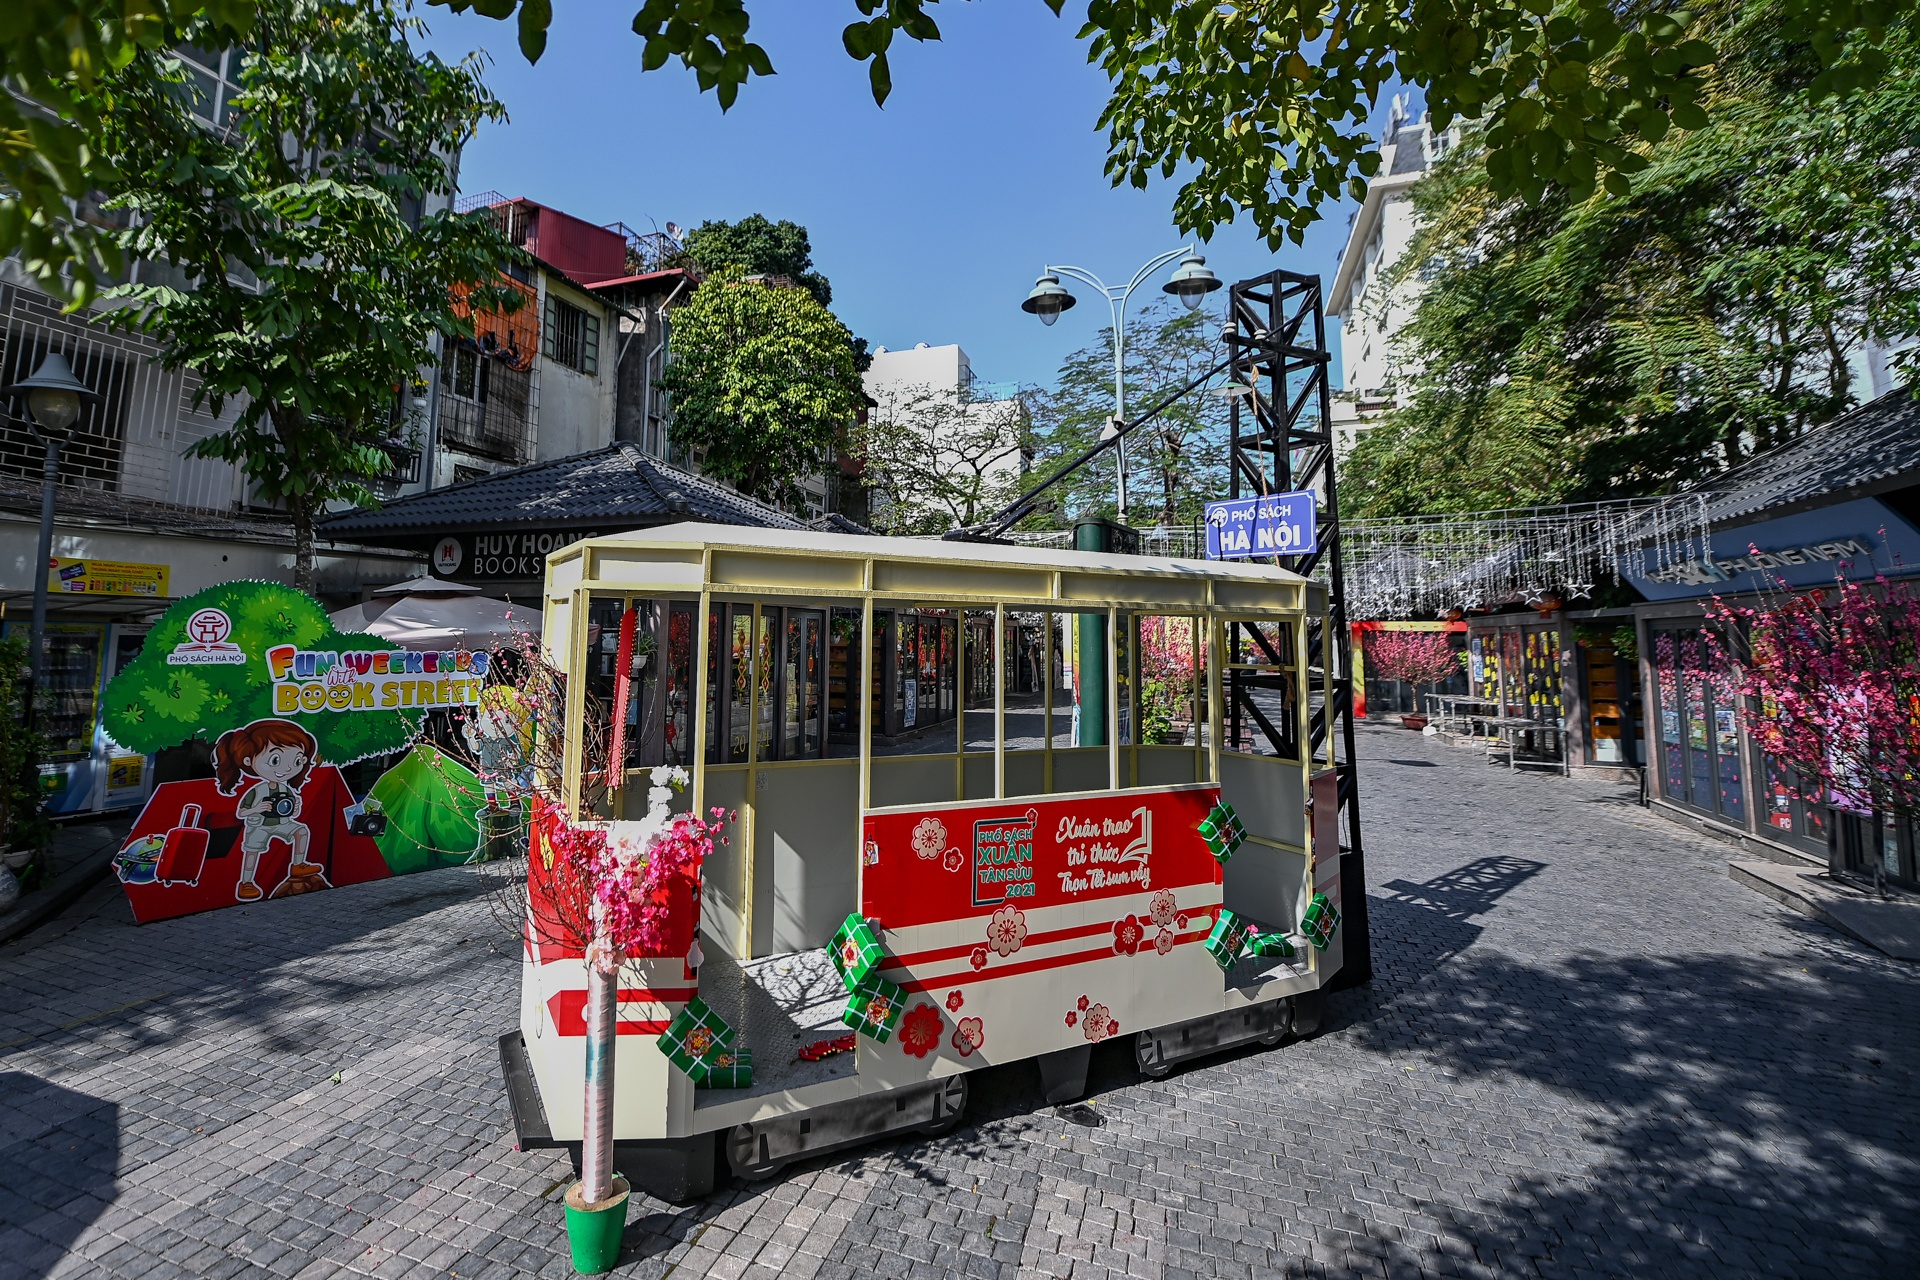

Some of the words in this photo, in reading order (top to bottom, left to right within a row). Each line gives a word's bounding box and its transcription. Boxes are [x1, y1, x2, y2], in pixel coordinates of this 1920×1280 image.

[1231, 504, 1256, 522] PHỐ
[1258, 504, 1292, 520] SÁCH
[475, 535, 518, 556] HUY
[521, 532, 598, 554] HOA
[1220, 524, 1251, 552] HÀ
[1257, 520, 1300, 551] NỘI
[1801, 540, 1869, 562] NAM
[474, 557, 546, 575] BOOKS
[169, 654, 189, 663] PHỐ
[190, 653, 214, 662] SÁCH
[215, 653, 228, 662] HÀ
[228, 654, 244, 663] NỘI
[270, 647, 336, 679] FUN
[343, 651, 490, 676] WEEKENDS
[327, 666, 358, 687] With
[277, 681, 375, 712] BOOK
[381, 679, 483, 708] STREET
[979, 827, 1003, 843] PHỐ
[1004, 827, 1033, 841] SÁCH
[1055, 815, 1101, 844] Xuân
[978, 840, 1033, 866] XUÂN
[979, 866, 1006, 884] TÂN
[1057, 871, 1089, 896] Trọn
[1086, 868, 1106, 889] Tết
[1105, 871, 1131, 887] sum
[1005, 882, 1036, 898] 2021
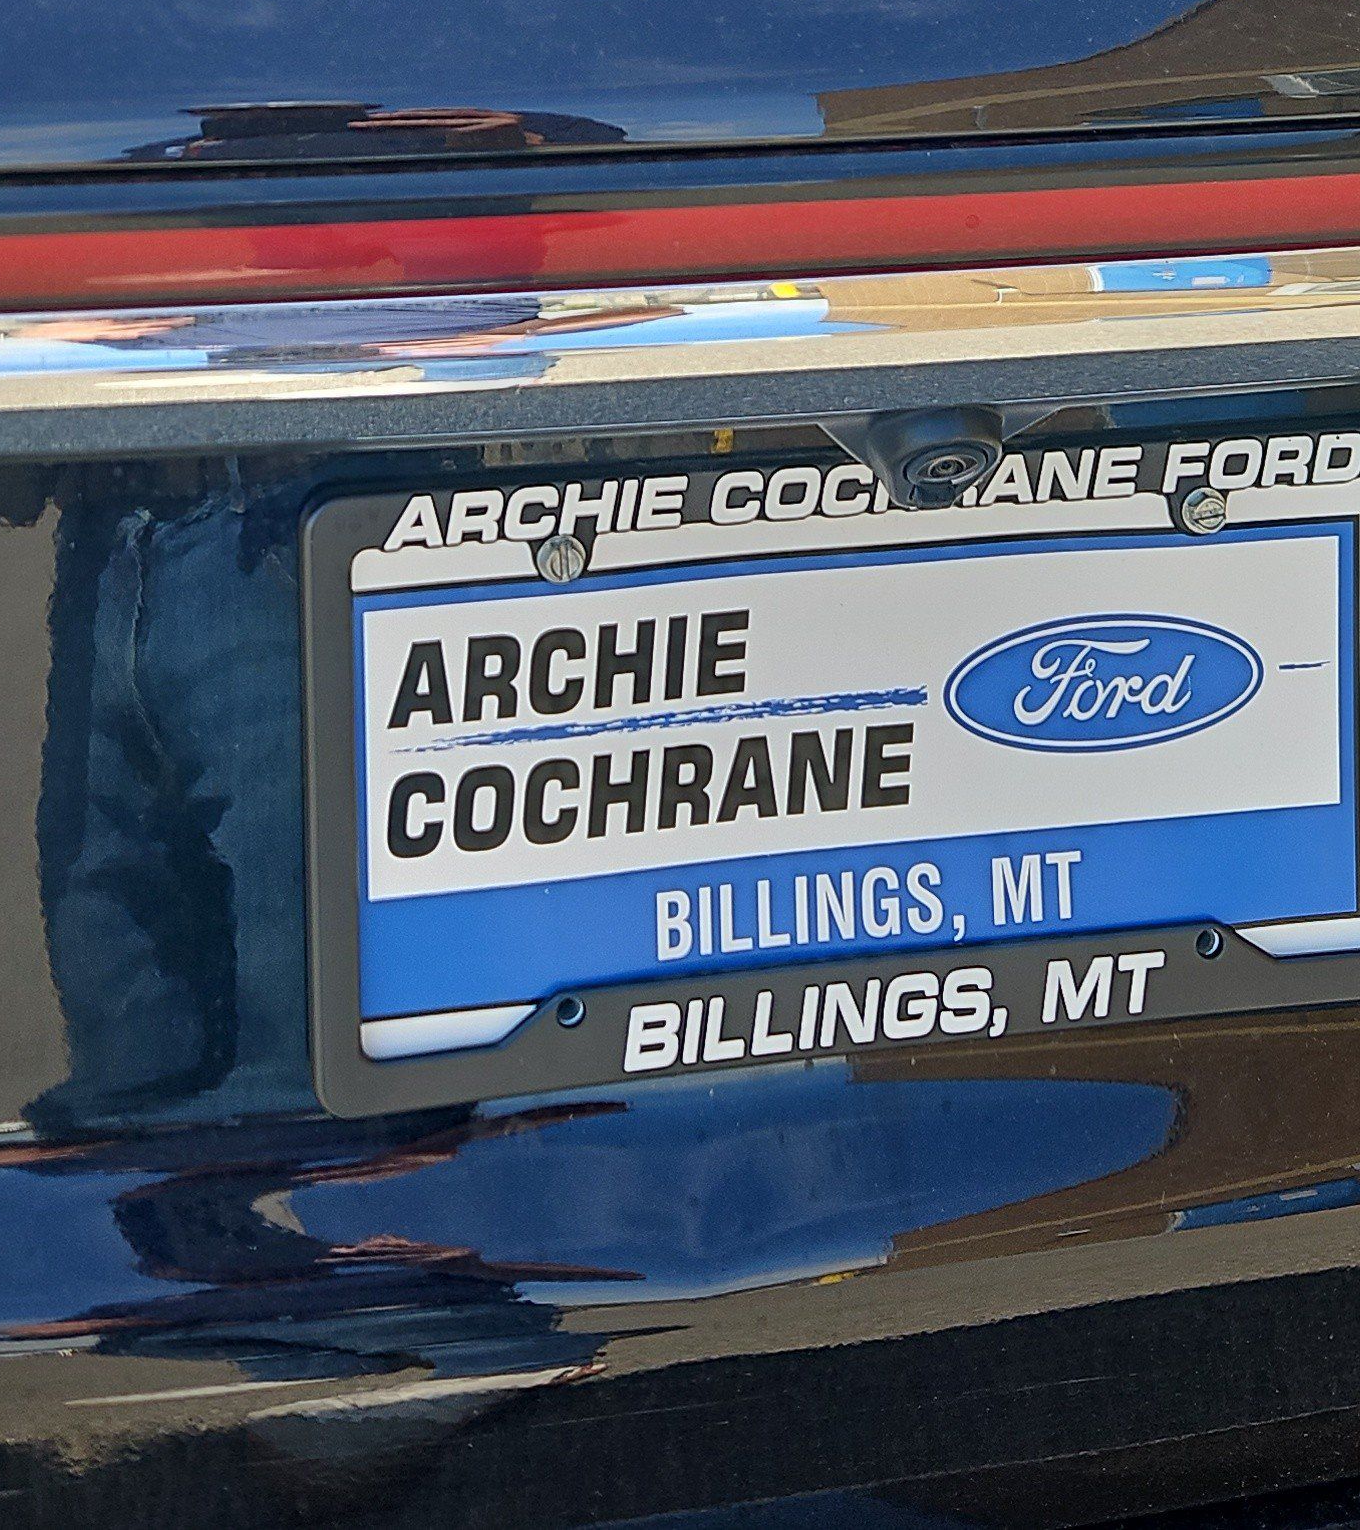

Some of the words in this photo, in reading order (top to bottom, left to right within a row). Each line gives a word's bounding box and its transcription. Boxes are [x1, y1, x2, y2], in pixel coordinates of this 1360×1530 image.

[382, 473, 689, 552] ARCHIE
[710, 445, 1143, 525] COCANE
[387, 608, 750, 730] ARCHIE
[1013, 636, 1194, 726] Ford
[386, 722, 915, 860] COCHRANE
[653, 861, 967, 963] BILLINGS,
[990, 849, 1083, 926] MT
[623, 965, 1009, 1074] BILLINGS,
[1040, 949, 1166, 1024] MT
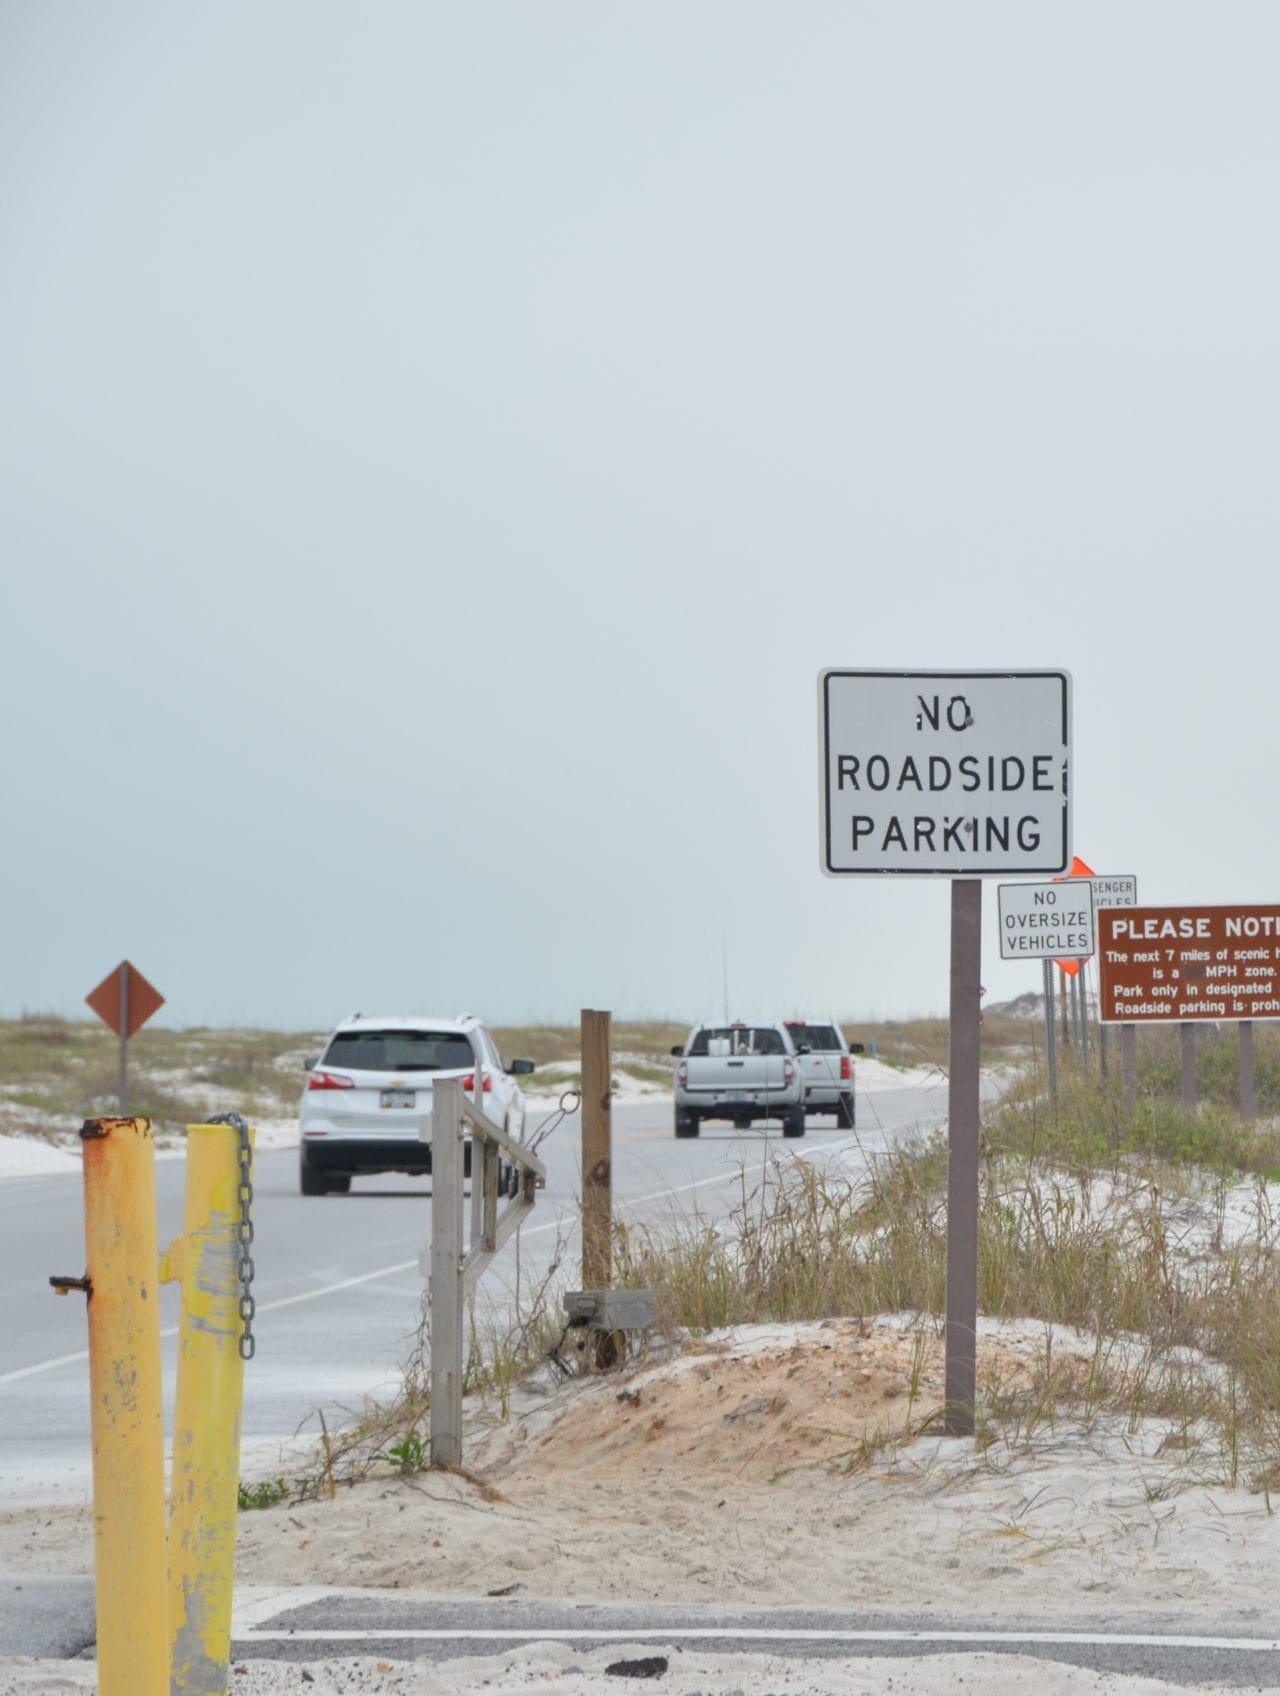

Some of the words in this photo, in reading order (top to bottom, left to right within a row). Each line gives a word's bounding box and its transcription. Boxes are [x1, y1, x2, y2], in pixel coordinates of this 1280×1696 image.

[916, 695, 973, 732] NO
[837, 754, 1055, 792] ROADSIDE
[851, 815, 1041, 852] PARKING
[1092, 881, 1133, 893] SENGER
[1034, 890, 1057, 906] NO
[1005, 911, 1088, 929] OVERSIZE
[1112, 918, 1212, 940] PLEASE
[1007, 933, 1089, 951] VEHICLES
[1106, 951, 1128, 964] The
[1133, 951, 1160, 962] next
[1165, 950, 1175, 961] 7
[1180, 949, 1210, 962] miles
[1216, 949, 1228, 961] of
[1234, 948, 1270, 960] scenic
[1153, 967, 1164, 979] is
[1171, 969, 1180, 979] a
[1206, 966, 1237, 978] MPH
[1245, 965, 1278, 977] zone.
[1114, 984, 1143, 997] Park
[1151, 984, 1178, 999] only
[1186, 983, 1198, 996] in
[1206, 982, 1272, 997] designated
[1115, 1001, 1172, 1014] Roadside
[1179, 1001, 1226, 1015] parking
[1233, 999, 1244, 1012] is

What to work on:
In your copy, omit the pictures and restate every line of the data word for word.

The answer:
Some of the words in this photo, in reading order (top to bottom, left to right within a row). Each line gives a word's bounding box and its transcription. Boxes are [x1, y1, x2, y2], in pixel coordinates of this 1920×1280 image.

[1231, 504, 1256, 522] PHỐ
[1258, 504, 1292, 520] SÁCH
[475, 535, 518, 556] HUY
[521, 532, 598, 554] HOA
[1220, 524, 1251, 552] HÀ
[1257, 520, 1300, 551] NỘI
[1801, 540, 1869, 562] NAM
[474, 557, 546, 575] BOOKS
[169, 654, 189, 663] PHỐ
[190, 653, 214, 662] SÁCH
[215, 653, 228, 662] HÀ
[228, 654, 244, 663] NỘI
[270, 647, 336, 679] FUN
[343, 651, 490, 676] WEEKENDS
[327, 666, 358, 687] With
[277, 681, 375, 712] BOOK
[381, 679, 483, 708] STREET
[979, 827, 1003, 843] PHỐ
[1004, 827, 1033, 841] SÁCH
[1055, 815, 1101, 844] Xuân
[978, 840, 1033, 866] XUÂN
[979, 866, 1006, 884] TÂN
[1057, 871, 1089, 896] Trọn
[1086, 868, 1106, 889] Tết
[1105, 871, 1131, 887] sum
[1005, 882, 1036, 898] 2021

Some of the words in this photo, in reading order (top to bottom, left to right within a row). Each line gives a word's bounding box and its transcription. Boxes are [x1, y1, x2, y2], in pixel coordinates of this 1360×1530 image.

[382, 473, 689, 552] ARCHIE
[710, 445, 1143, 525] COCANE
[387, 608, 750, 730] ARCHIE
[1013, 636, 1194, 726] Ford
[386, 722, 915, 860] COCHRANE
[653, 861, 967, 963] BILLINGS,
[990, 849, 1083, 926] MT
[623, 965, 1009, 1074] BILLINGS,
[1040, 949, 1166, 1024] MT

Some of the words in this photo, in reading order (top to bottom, left to right within a row). Each line gives a word's bounding box and its transcription. Boxes are [x1, y1, x2, y2], in pixel coordinates of this 1280×1696 image.

[916, 695, 973, 732] NO
[837, 754, 1055, 792] ROADSIDE
[851, 815, 1041, 852] PARKING
[1092, 881, 1133, 893] SENGER
[1034, 890, 1057, 906] NO
[1005, 911, 1088, 929] OVERSIZE
[1112, 918, 1212, 940] PLEASE
[1007, 933, 1089, 951] VEHICLES
[1106, 951, 1128, 964] The
[1133, 951, 1160, 962] next
[1165, 950, 1175, 961] 7
[1180, 949, 1210, 962] miles
[1216, 949, 1228, 961] of
[1234, 948, 1270, 960] scenic
[1153, 967, 1164, 979] is
[1171, 969, 1180, 979] a
[1206, 966, 1237, 978] MPH
[1245, 965, 1278, 977] zone.
[1114, 984, 1143, 997] Park
[1151, 984, 1178, 999] only
[1186, 983, 1198, 996] in
[1206, 982, 1272, 997] designated
[1115, 1001, 1172, 1014] Roadside
[1179, 1001, 1226, 1015] parking
[1233, 999, 1244, 1012] is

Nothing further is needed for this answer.